» **WHAT THIS TASK INVOLVES**
The reply should reproduce every line of the data below word for word, minus any images.

» **EXTRACTED RECORDS**
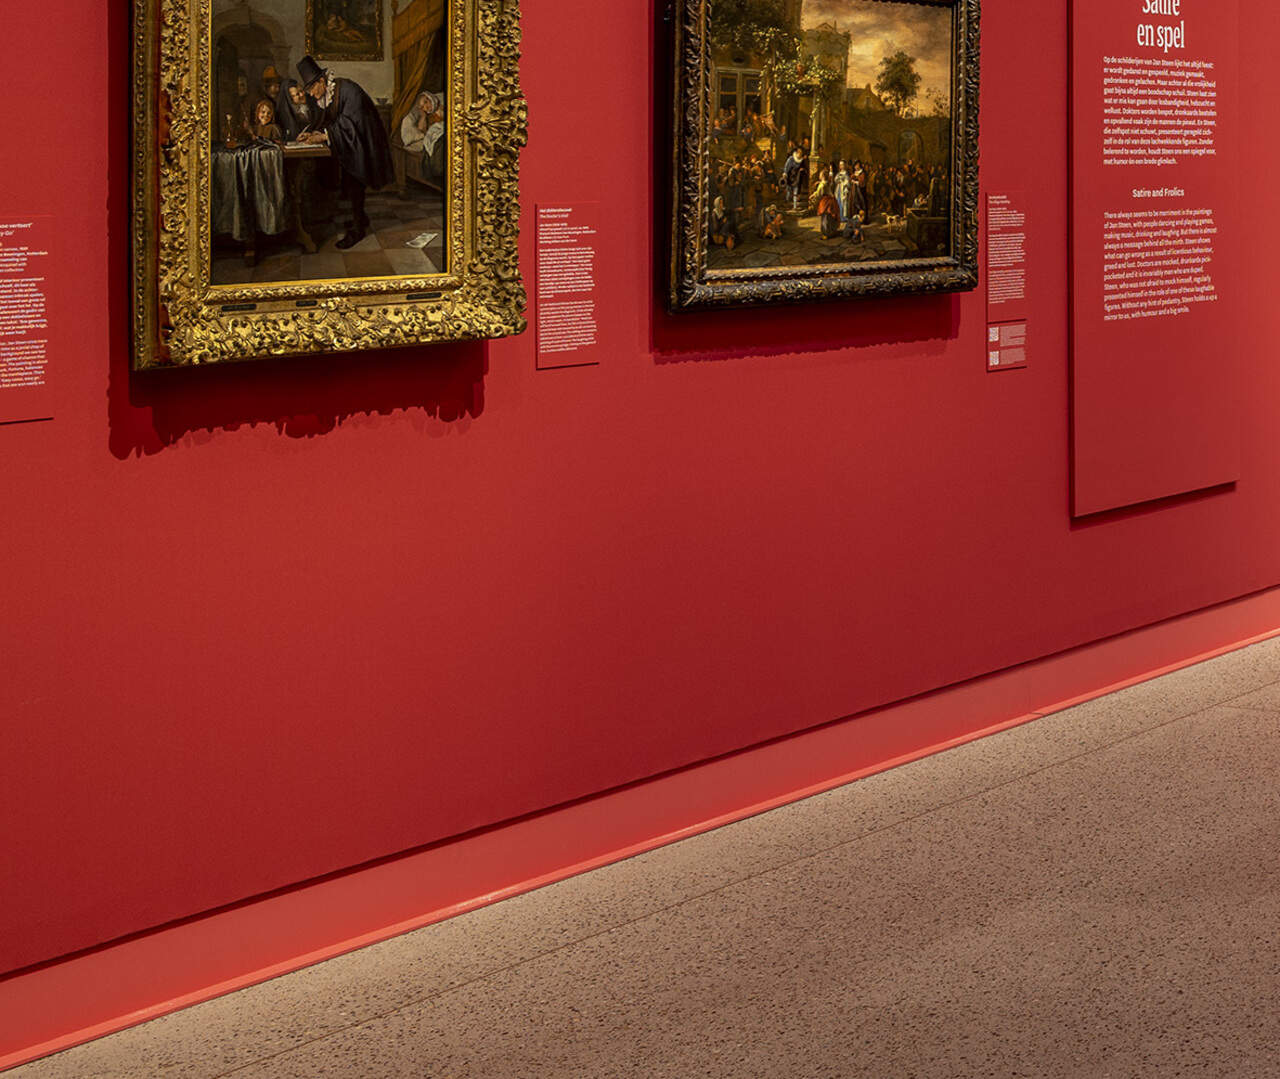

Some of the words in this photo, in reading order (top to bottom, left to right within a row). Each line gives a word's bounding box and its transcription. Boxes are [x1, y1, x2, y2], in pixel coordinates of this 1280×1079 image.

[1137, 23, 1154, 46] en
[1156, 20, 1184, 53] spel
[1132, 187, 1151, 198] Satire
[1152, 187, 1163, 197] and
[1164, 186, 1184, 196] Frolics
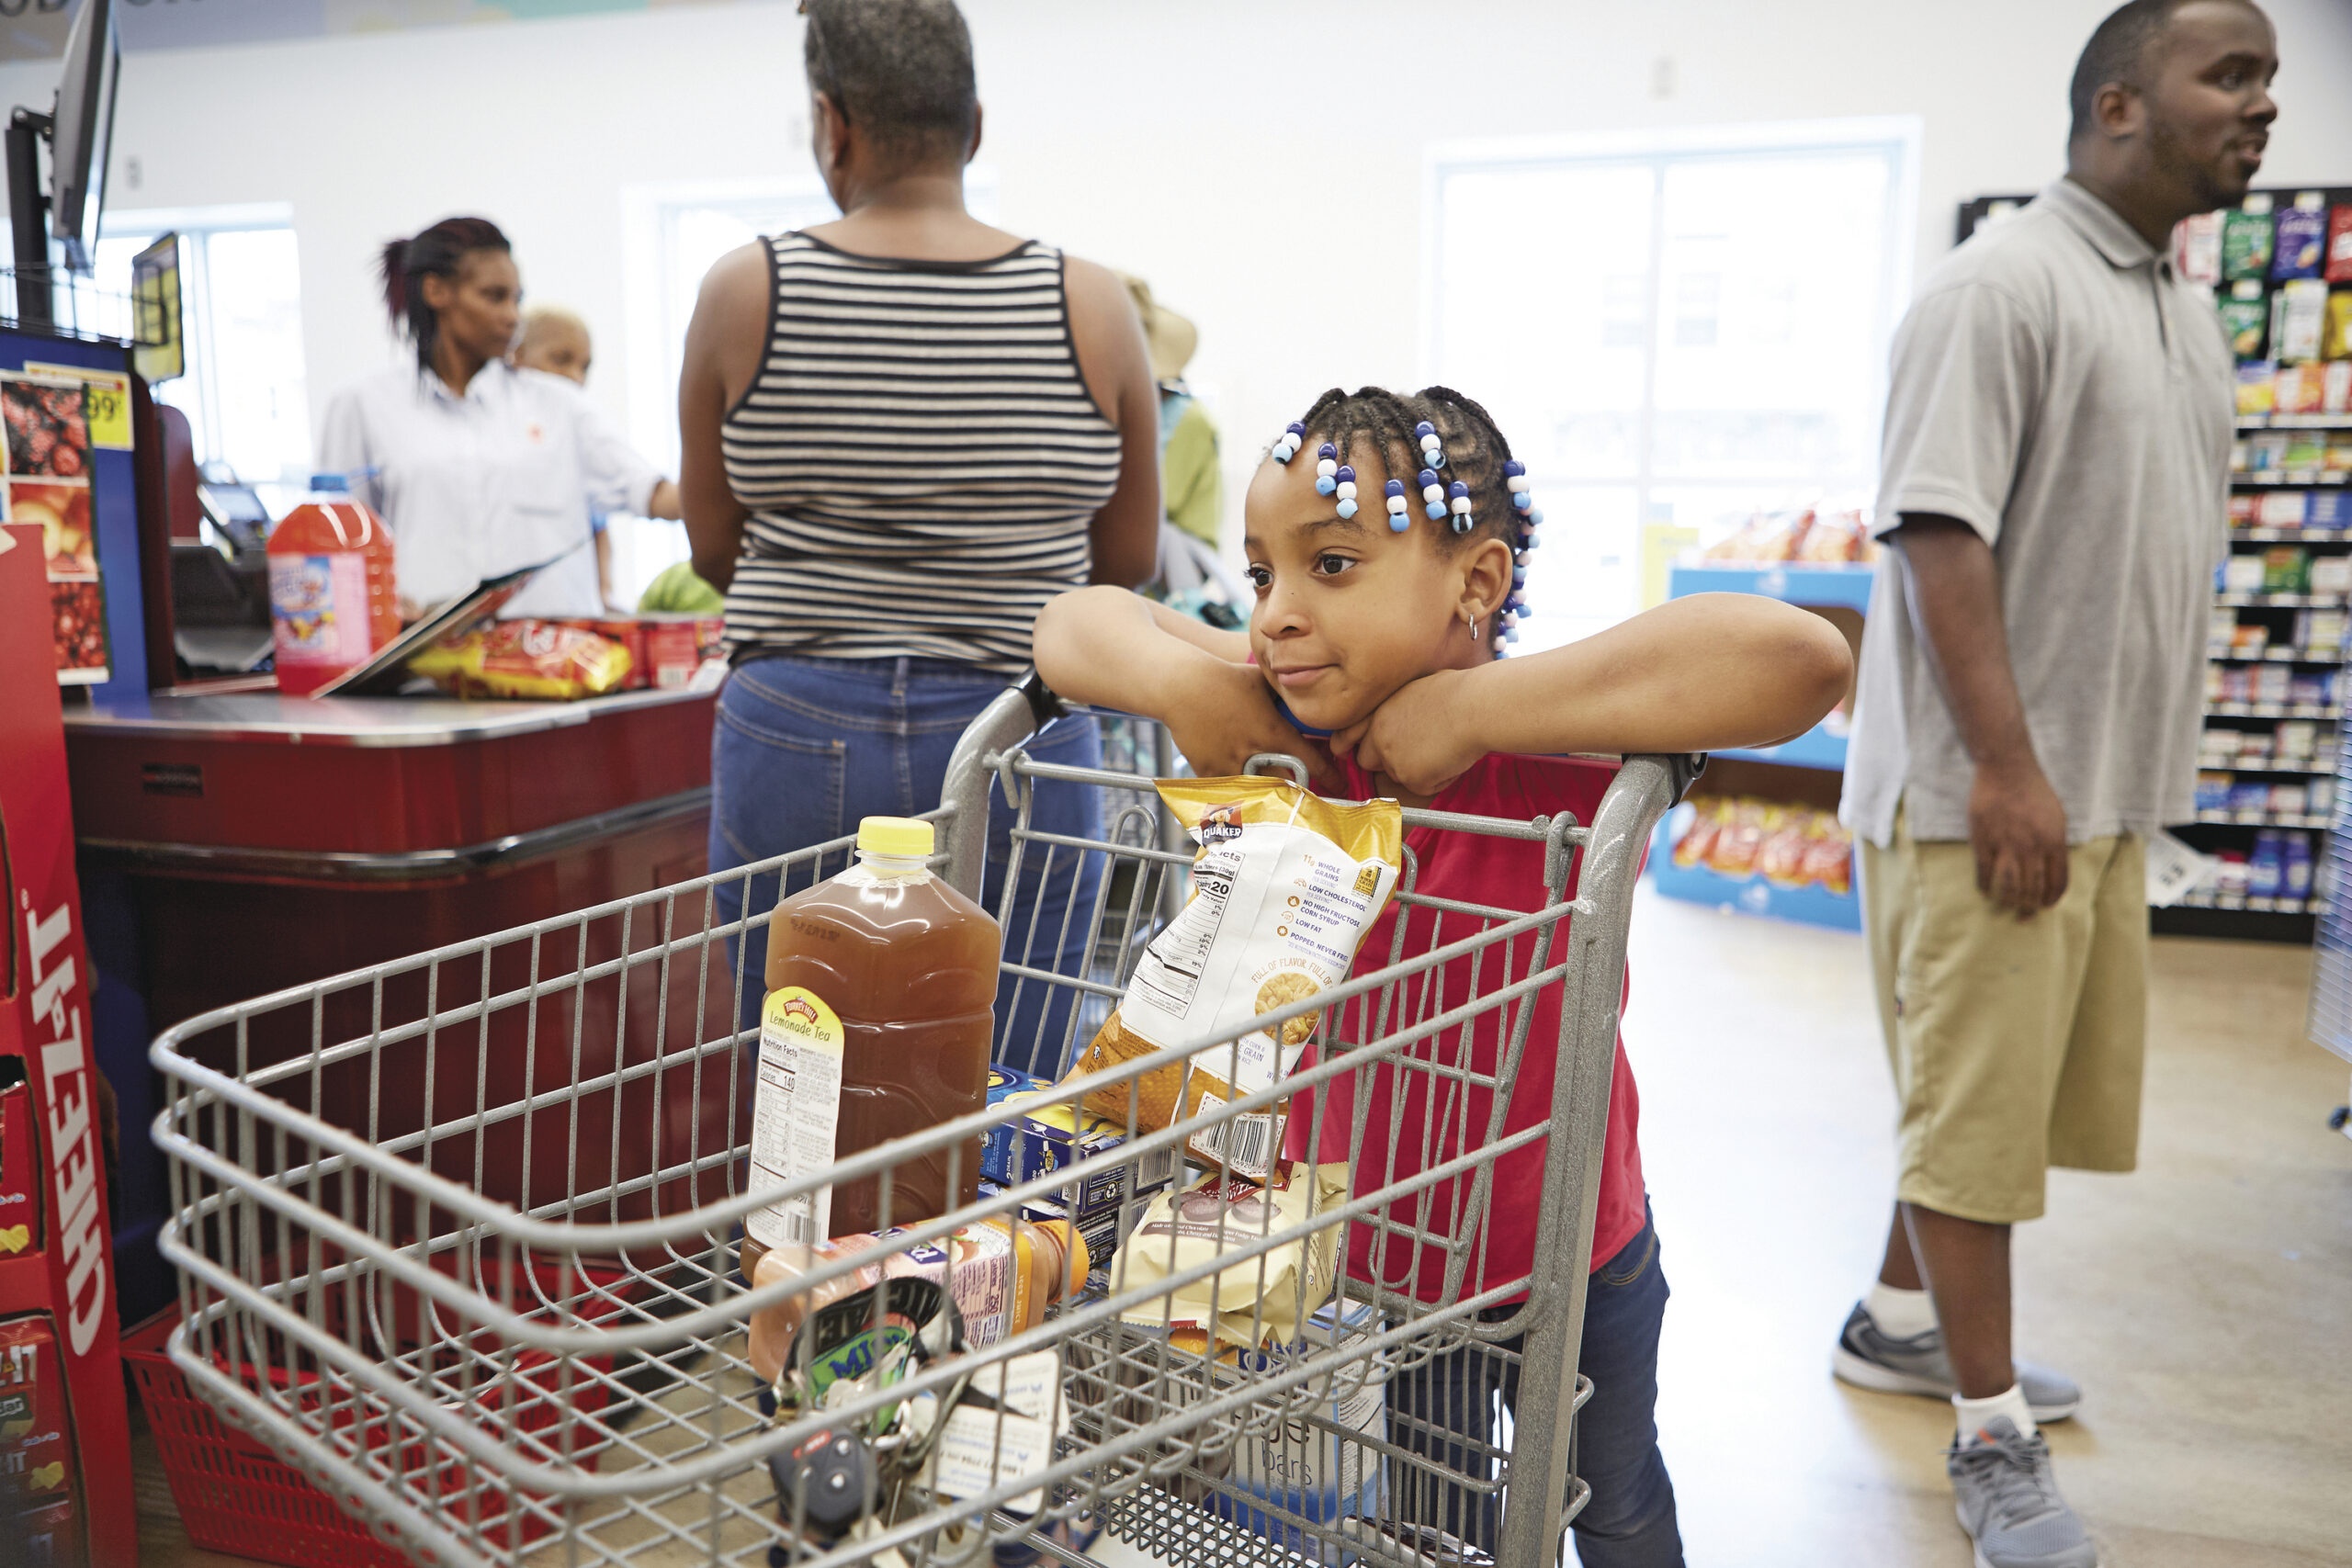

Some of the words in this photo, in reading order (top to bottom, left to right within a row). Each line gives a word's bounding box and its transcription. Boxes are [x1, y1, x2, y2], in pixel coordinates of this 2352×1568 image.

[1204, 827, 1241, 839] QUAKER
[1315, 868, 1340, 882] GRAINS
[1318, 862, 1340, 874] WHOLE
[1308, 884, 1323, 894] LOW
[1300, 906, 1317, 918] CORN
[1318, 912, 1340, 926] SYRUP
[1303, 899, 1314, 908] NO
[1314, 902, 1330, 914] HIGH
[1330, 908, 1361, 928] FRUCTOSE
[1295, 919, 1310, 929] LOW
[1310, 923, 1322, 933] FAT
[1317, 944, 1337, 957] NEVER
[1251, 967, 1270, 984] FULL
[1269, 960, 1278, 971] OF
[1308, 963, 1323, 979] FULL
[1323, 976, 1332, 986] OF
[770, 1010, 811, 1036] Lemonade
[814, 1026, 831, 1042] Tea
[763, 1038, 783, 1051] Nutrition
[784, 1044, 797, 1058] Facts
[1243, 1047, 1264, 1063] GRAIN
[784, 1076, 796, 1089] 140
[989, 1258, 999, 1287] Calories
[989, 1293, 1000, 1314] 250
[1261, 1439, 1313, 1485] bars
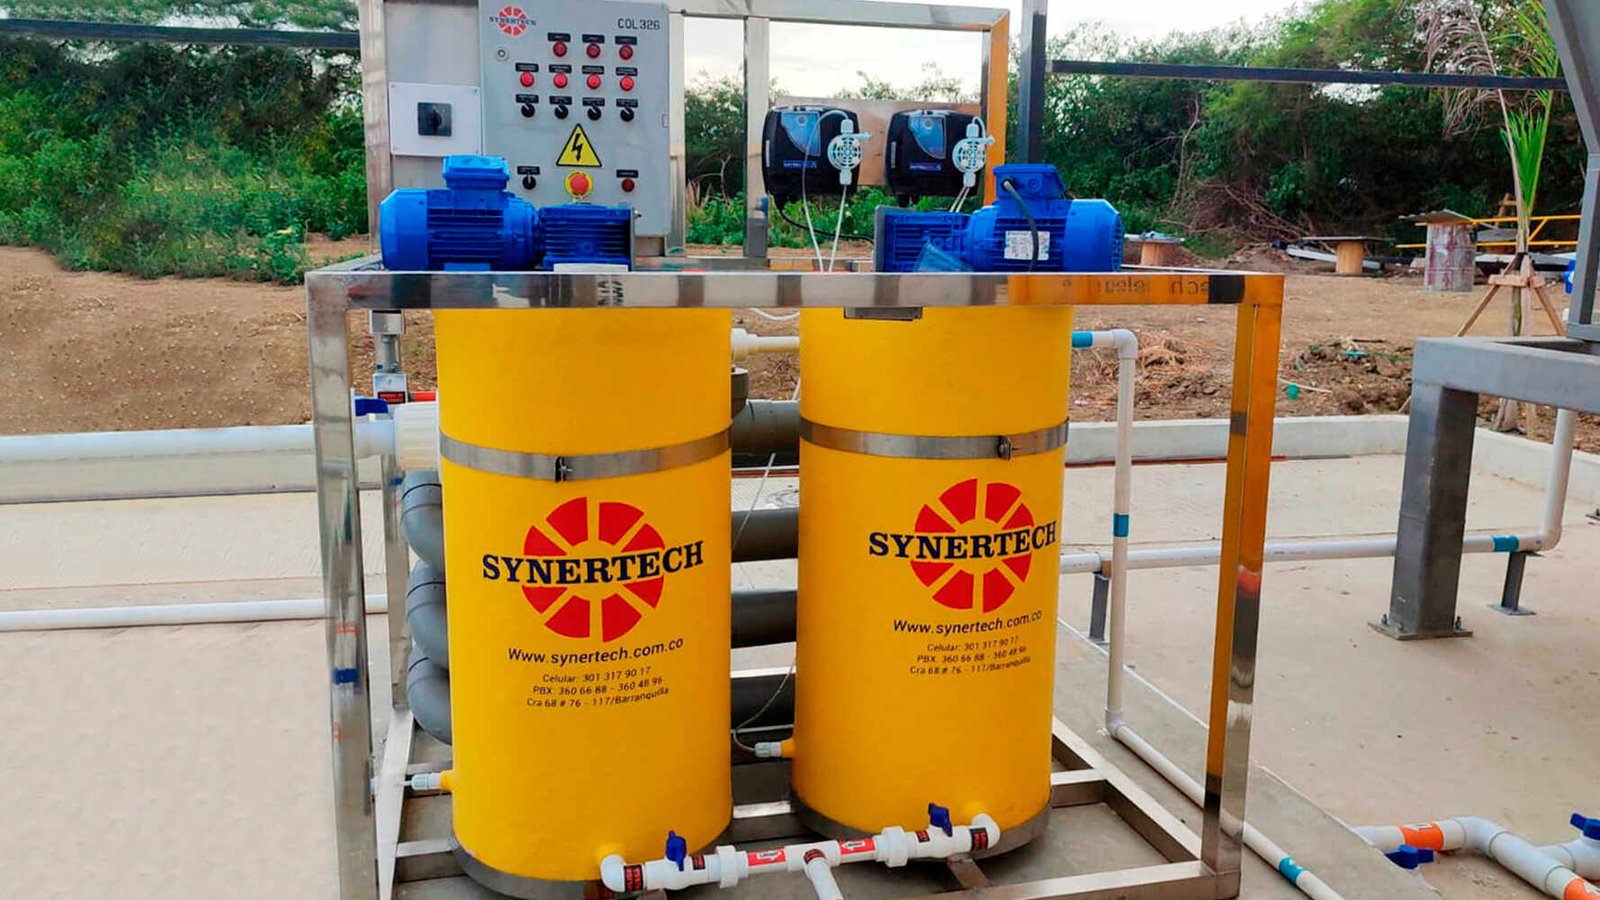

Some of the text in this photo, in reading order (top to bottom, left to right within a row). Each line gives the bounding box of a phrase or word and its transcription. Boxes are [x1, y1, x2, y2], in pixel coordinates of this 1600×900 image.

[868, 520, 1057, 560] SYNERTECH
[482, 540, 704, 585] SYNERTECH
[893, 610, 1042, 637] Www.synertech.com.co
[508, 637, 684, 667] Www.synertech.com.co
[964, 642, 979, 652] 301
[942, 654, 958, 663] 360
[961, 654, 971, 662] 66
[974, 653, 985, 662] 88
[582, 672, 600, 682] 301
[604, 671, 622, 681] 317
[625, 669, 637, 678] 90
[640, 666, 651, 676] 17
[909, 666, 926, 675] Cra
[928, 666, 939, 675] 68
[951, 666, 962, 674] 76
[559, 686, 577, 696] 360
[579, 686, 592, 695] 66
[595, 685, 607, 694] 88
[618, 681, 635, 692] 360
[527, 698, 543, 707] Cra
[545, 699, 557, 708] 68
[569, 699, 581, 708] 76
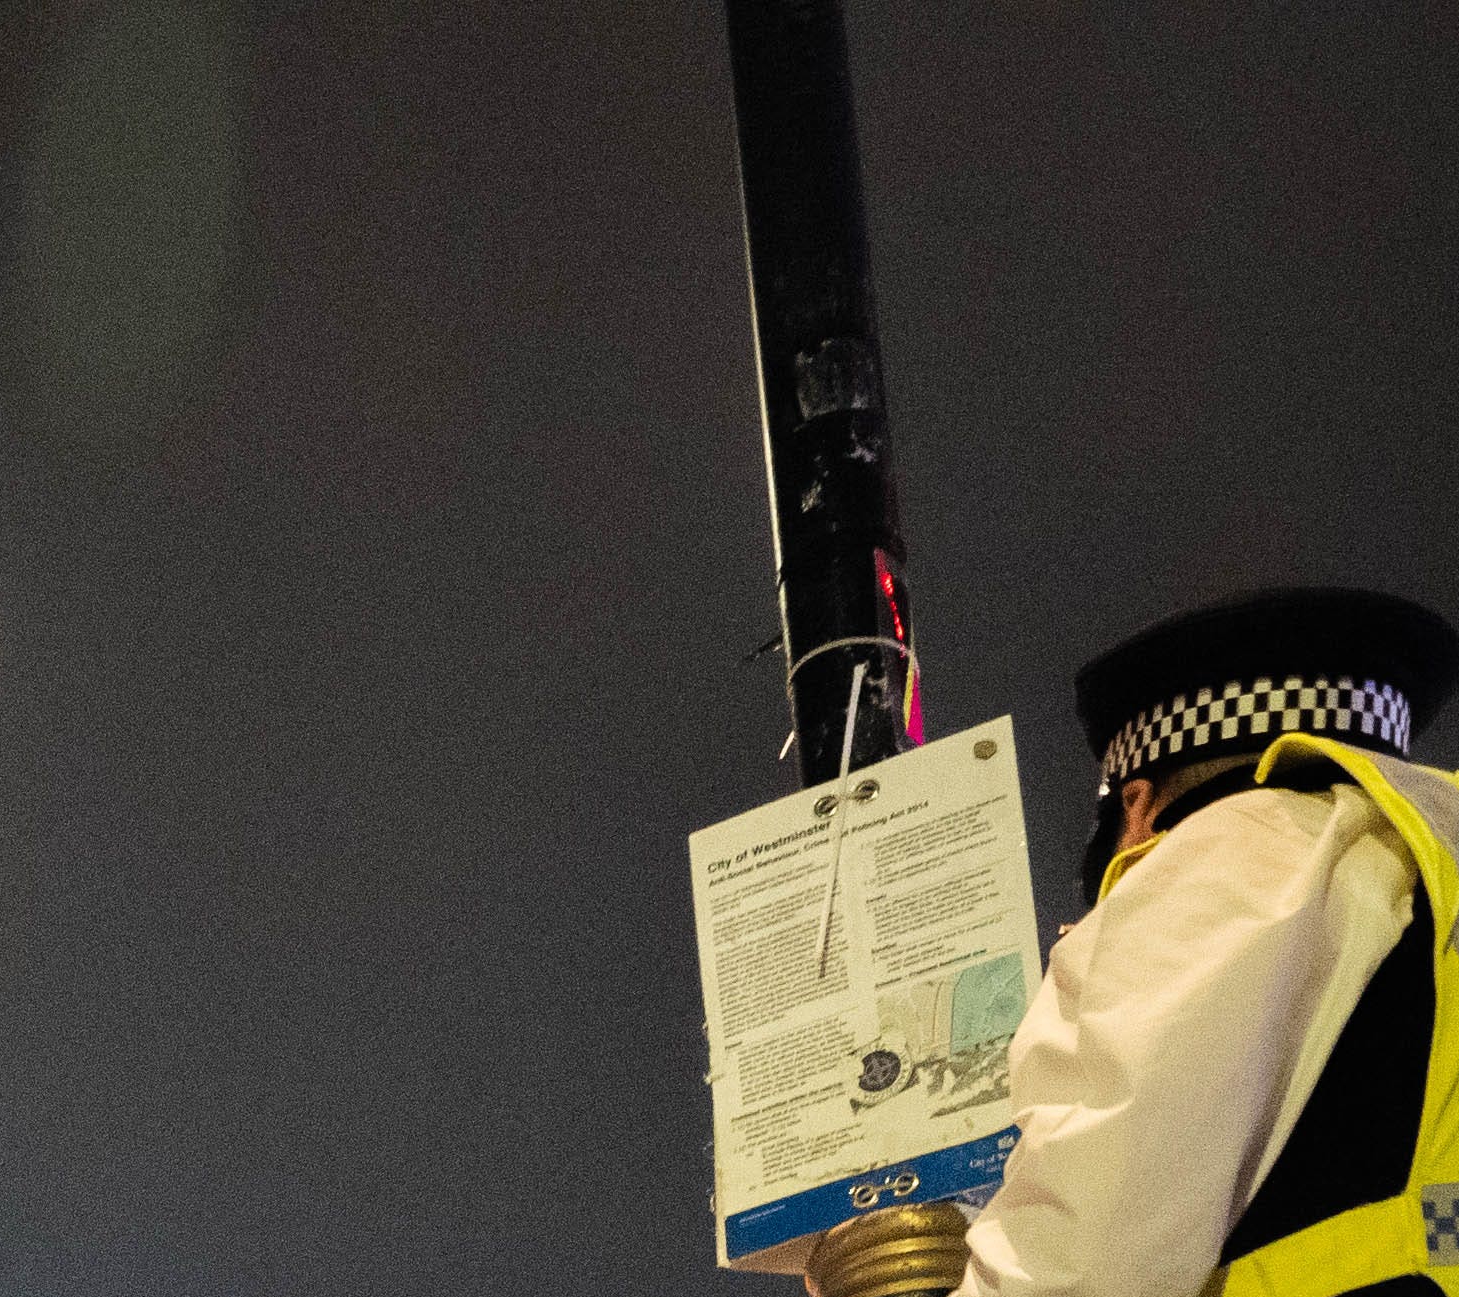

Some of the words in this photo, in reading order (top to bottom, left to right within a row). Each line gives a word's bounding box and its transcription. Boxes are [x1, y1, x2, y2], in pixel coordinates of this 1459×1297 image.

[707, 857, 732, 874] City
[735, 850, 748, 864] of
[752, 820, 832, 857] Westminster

» **YOUR RESPONSE**
Some of the words in this photo, in reading order (top to bottom, left to right within a row). Each line gives a word's bounding box and its transcription. Boxes are [x1, y1, x2, y2], in pixel coordinates of this 1280×1079 image.

[1137, 23, 1154, 46] en
[1156, 20, 1184, 53] spel
[1132, 187, 1151, 198] Satire
[1152, 187, 1163, 197] and
[1164, 186, 1184, 196] Frolics

Some of the words in this photo, in reading order (top to bottom, left to right within a row). Each line gives a word's bounding box and its transcription. Boxes are [x1, y1, x2, y2], in pixel coordinates of this 2352×1568 image.

[1204, 827, 1241, 839] QUAKER
[1315, 868, 1340, 882] GRAINS
[1318, 862, 1340, 874] WHOLE
[1308, 884, 1323, 894] LOW
[1300, 906, 1317, 918] CORN
[1318, 912, 1340, 926] SYRUP
[1303, 899, 1314, 908] NO
[1314, 902, 1330, 914] HIGH
[1330, 908, 1361, 928] FRUCTOSE
[1295, 919, 1310, 929] LOW
[1310, 923, 1322, 933] FAT
[1317, 944, 1337, 957] NEVER
[1251, 967, 1270, 984] FULL
[1269, 960, 1278, 971] OF
[1308, 963, 1323, 979] FULL
[1323, 976, 1332, 986] OF
[770, 1010, 811, 1036] Lemonade
[814, 1026, 831, 1042] Tea
[763, 1038, 783, 1051] Nutrition
[784, 1044, 797, 1058] Facts
[1243, 1047, 1264, 1063] GRAIN
[784, 1076, 796, 1089] 140
[989, 1258, 999, 1287] Calories
[989, 1293, 1000, 1314] 250
[1261, 1439, 1313, 1485] bars

Some of the text in this photo, in reading order (top to bottom, left to right within a row). Each line gives the bounding box of a phrase or word and its transcription. Boxes are [x1, y1, x2, y2], in pixel coordinates of this 1600×900 image.

[868, 520, 1057, 560] SYNERTECH
[482, 540, 704, 585] SYNERTECH
[893, 610, 1042, 637] Www.synertech.com.co
[508, 637, 684, 667] Www.synertech.com.co
[964, 642, 979, 652] 301
[942, 654, 958, 663] 360
[961, 654, 971, 662] 66
[974, 653, 985, 662] 88
[582, 672, 600, 682] 301
[604, 671, 622, 681] 317
[625, 669, 637, 678] 90
[640, 666, 651, 676] 17
[909, 666, 926, 675] Cra
[928, 666, 939, 675] 68
[951, 666, 962, 674] 76
[559, 686, 577, 696] 360
[579, 686, 592, 695] 66
[595, 685, 607, 694] 88
[618, 681, 635, 692] 360
[527, 698, 543, 707] Cra
[545, 699, 557, 708] 68
[569, 699, 581, 708] 76

Some of the words in this photo, in reading order (top to bottom, left to right within a row). Each line gives a word's bounding box and its transcription. Boxes are [x1, y1, x2, y2], in pixel coordinates of this 1459×1297 image.

[707, 857, 732, 874] City
[735, 850, 748, 864] of
[752, 820, 832, 857] Westminster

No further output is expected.